EXERCISE AIM: Your copy of the listing must be exact and must hold no images.

════════════════

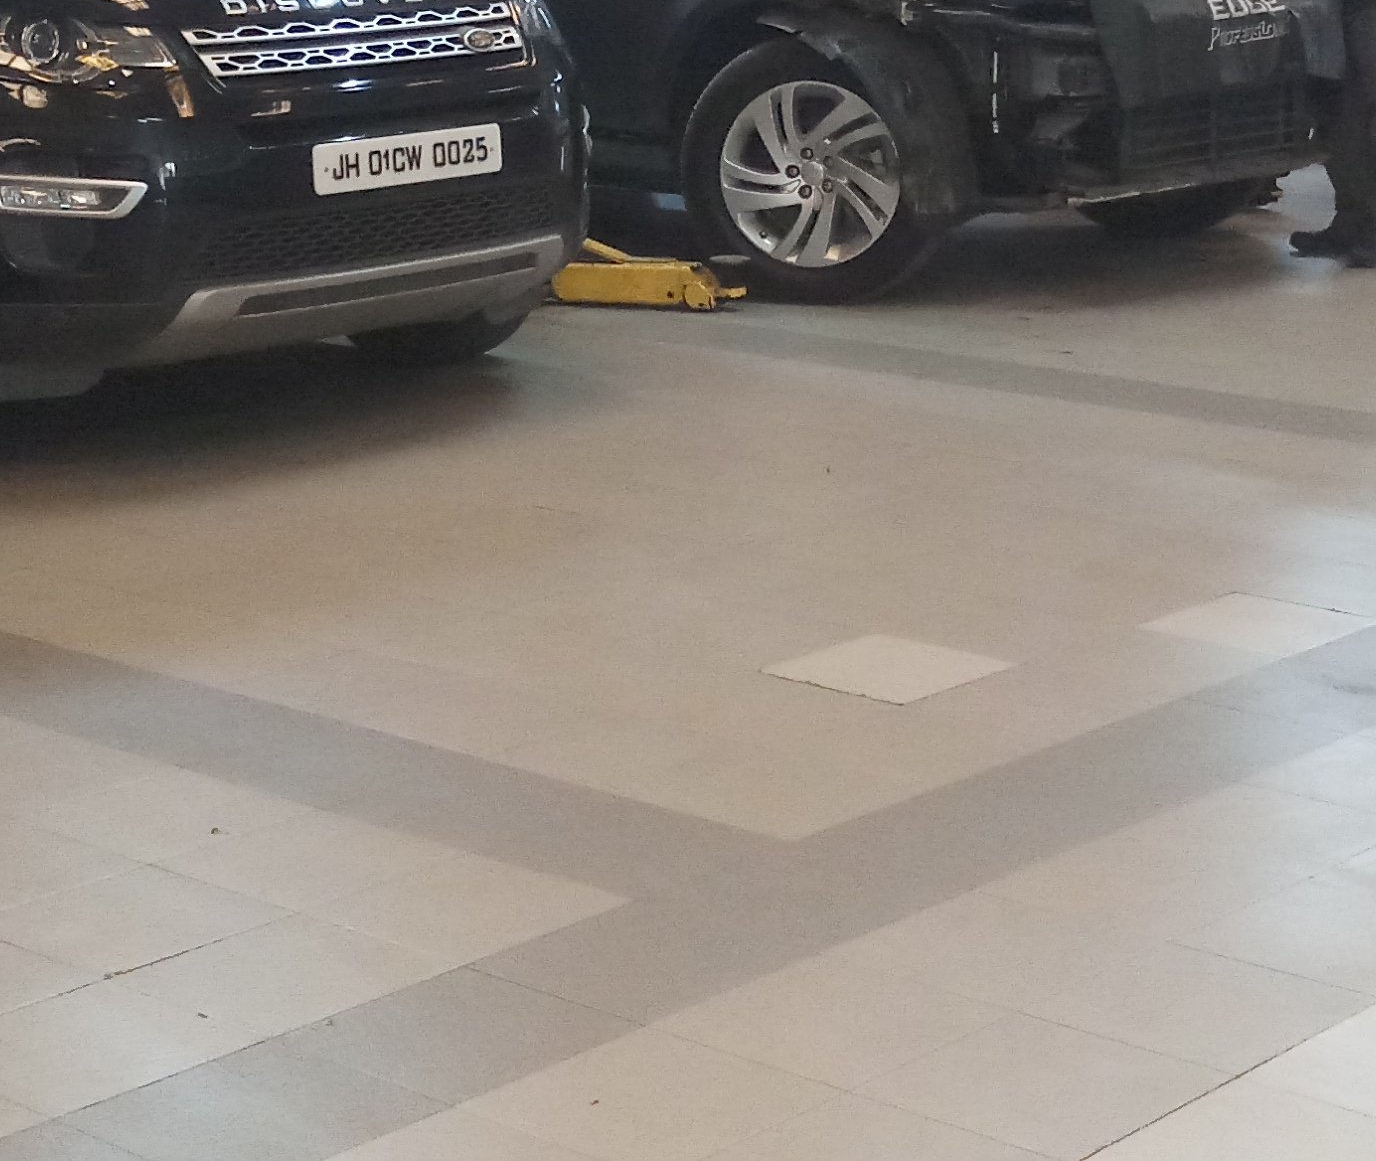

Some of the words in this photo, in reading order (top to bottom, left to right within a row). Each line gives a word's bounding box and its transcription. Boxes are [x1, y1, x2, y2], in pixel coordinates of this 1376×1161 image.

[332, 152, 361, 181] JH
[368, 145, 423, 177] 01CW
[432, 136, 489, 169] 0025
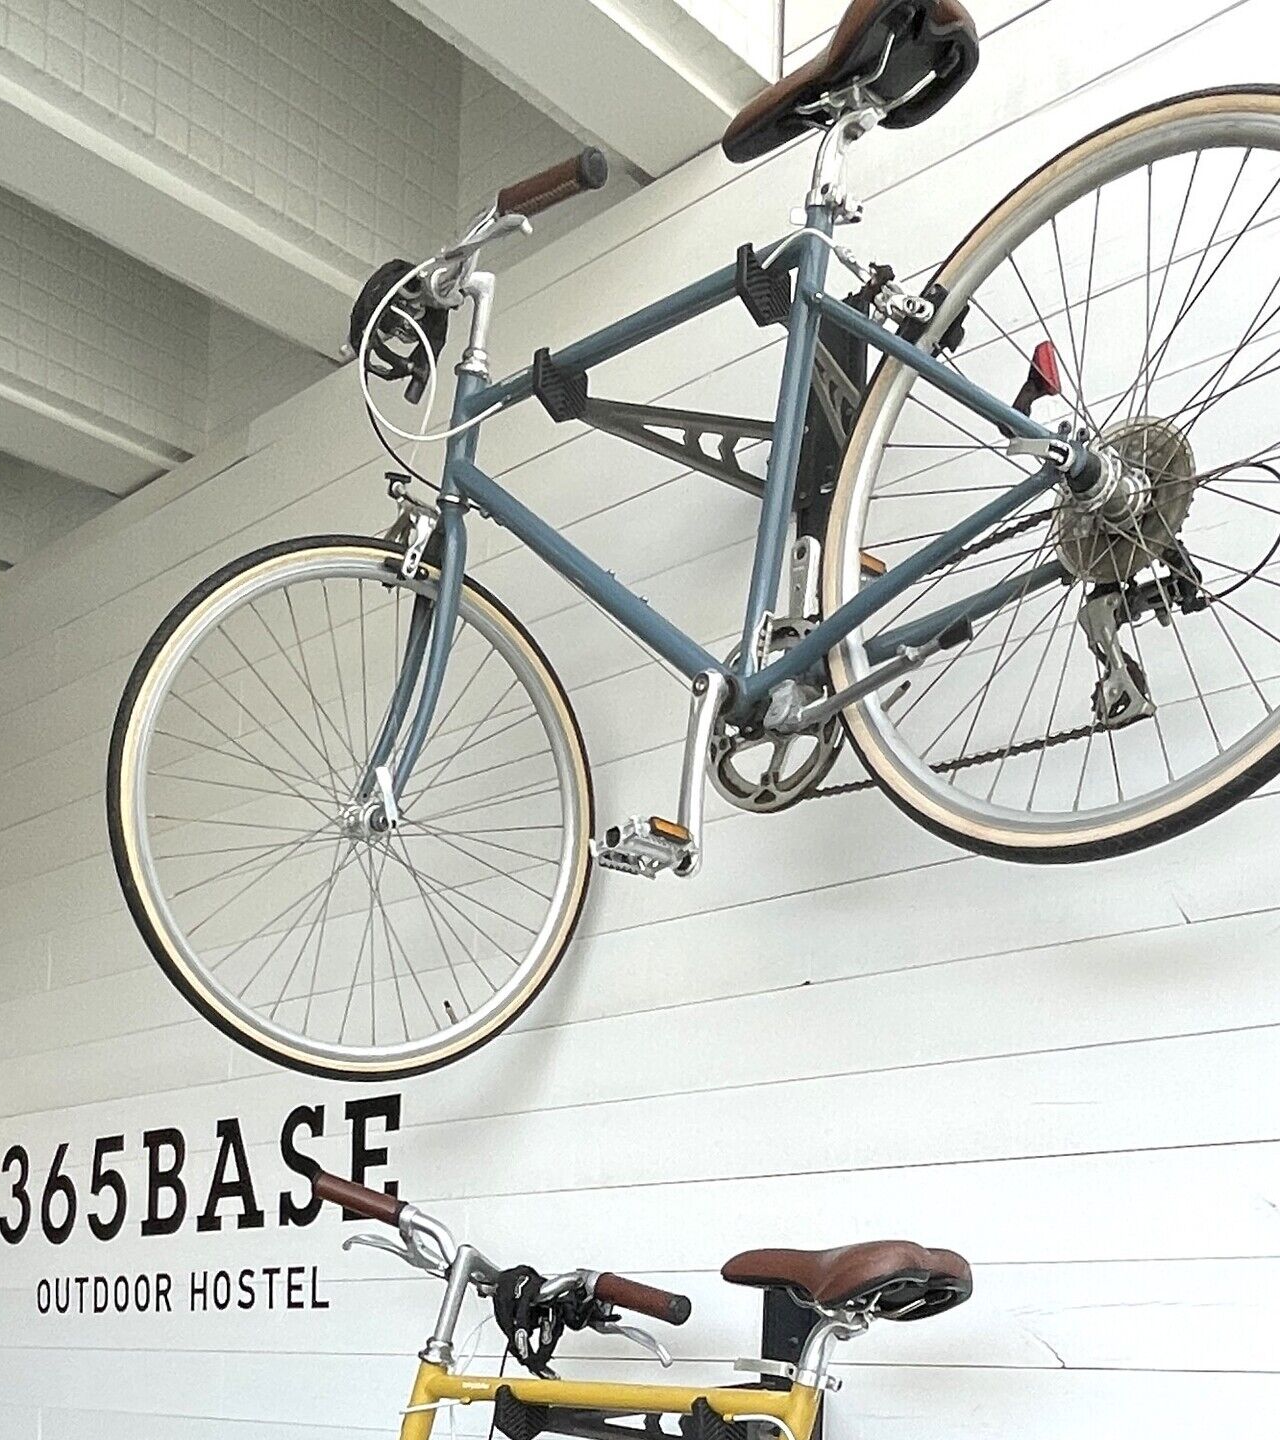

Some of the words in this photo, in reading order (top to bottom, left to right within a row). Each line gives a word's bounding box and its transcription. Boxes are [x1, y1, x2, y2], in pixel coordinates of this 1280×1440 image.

════════════════

ANSWER BOX:
Some of the words in this photo, in reading order (top to bottom, left to right within a row). Each line gives a word's bounding box and its transcription. Boxes are [x1, y1, x2, y2], in pixel coordinates of this 1376×1161 image.

[332, 152, 361, 181] JH
[368, 145, 423, 177] 01CW
[432, 136, 489, 169] 0025

Some of the words in this photo, in reading order (top to bottom, left to right within a row). Each line gives a word's bounding box and its transcription. Boxes are [x1, y1, x2, y2], in pixel coordinates of this 1280×1440 image.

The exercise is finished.